Fed up with how much time and money went into making annual reports, Josh Kligman decided to create a solution to help nonprofits streamline and cut costs. He co-founded Yearly, a SaaS platform that allows nonprofits to digitally host annual, impact, board and event recap reports for a small subscription fee.
“Nonprofit budgets are tight but even when the economy bounces back, there is no reason to spend $500 or $5,000 on printing when 99 percent of their donor base would be fine with, and appreciate, an annual report that lives on a website,” Kligman, CEO of Yearly, told Built In via email. “From there, nonprofits can track metrics on their annual report within Yearly, such as unique views, and if they embed the report on their website, marketers can use Google Analytics to track time spent reading the report as well as other key metrics to show their return on their investment.”

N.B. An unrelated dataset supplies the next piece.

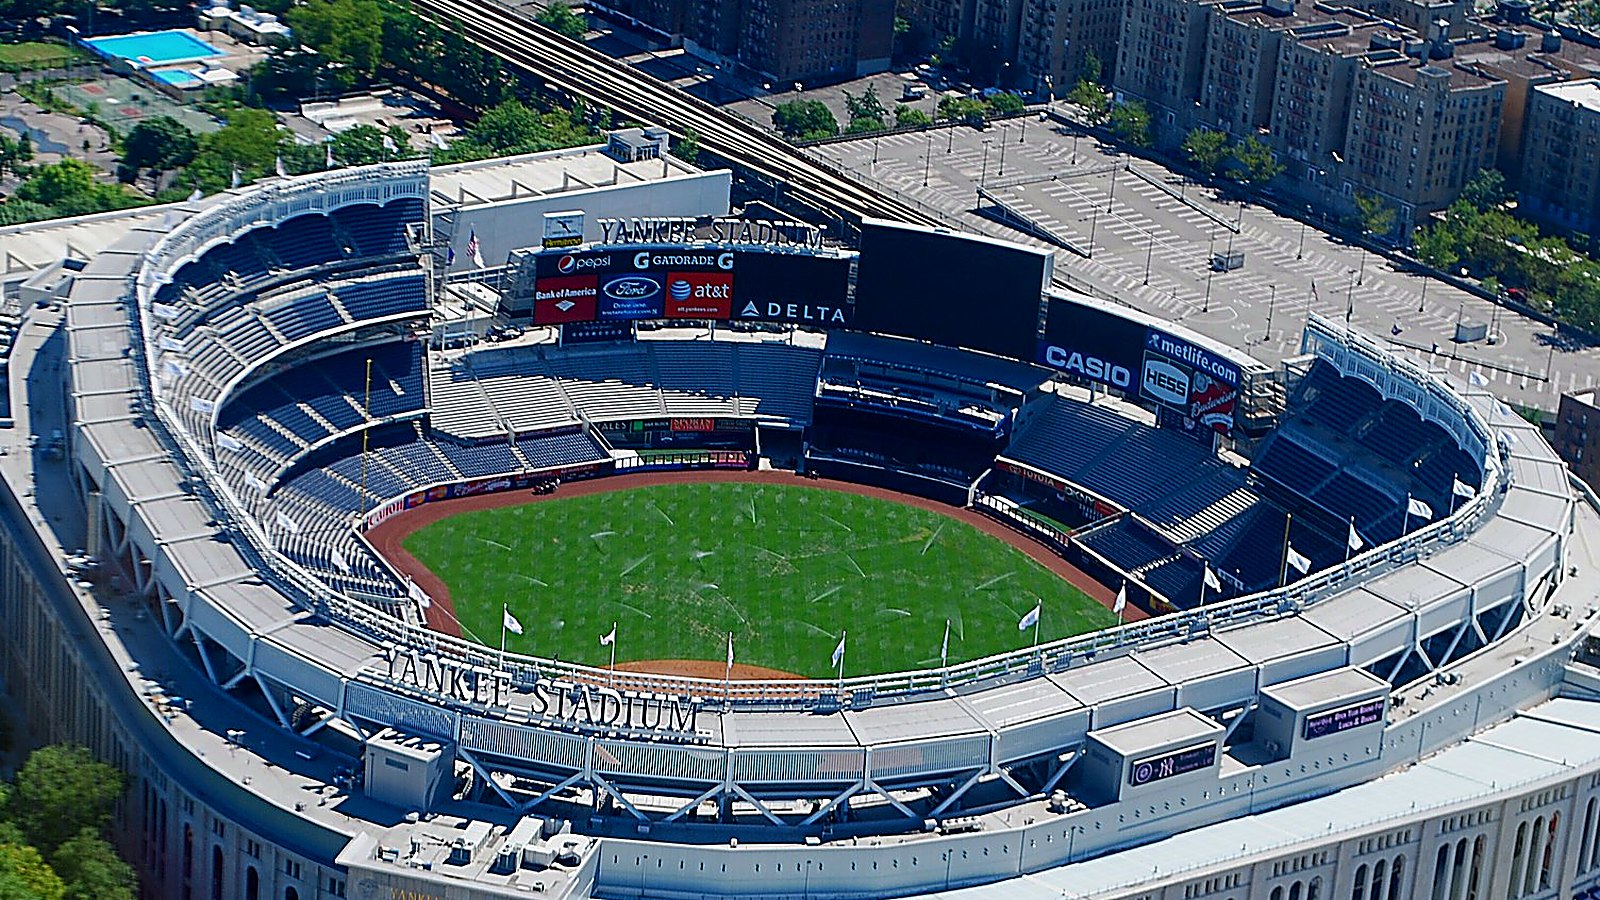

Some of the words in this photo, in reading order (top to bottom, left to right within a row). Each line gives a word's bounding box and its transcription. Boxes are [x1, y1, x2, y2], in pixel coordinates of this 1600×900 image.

“Nonprofits can track metrics on their annual report within Yearly, such as unique views, and if they embed the report on their website, marketers can use Google Analytics to track time spent reading the report as well as other key metrics to show their return on their investment.”
Since its launch in 2019, Yearly has grown from 15 customers to approximately 2,300, including some big names like the World Wide Fund for Nature, Teach for America and The Forbes Funds, among others. That growth is due in part to Yearly’s clever strategy during the slump of 2020, when nonprofits were squeezed particularly tight because of the pandemic.
“When the pandemic came, there was no one answering the phone when we ran sales calls, so we didn’t even try. I wasn’t going to email nonprofits with bleeding budgets asking if they want to see a new technology tool at that time, either. So we gave it away for free. About 1,500 nonprofits signed up and many of them are still active users today,” Kligman said.
Yearly still offers a free trial and last year launched its subscription model, which starts at $75 a month. It hopes to continue growing its platform as well as its team. Currently, the company is looking for a product engineer with front-end experience.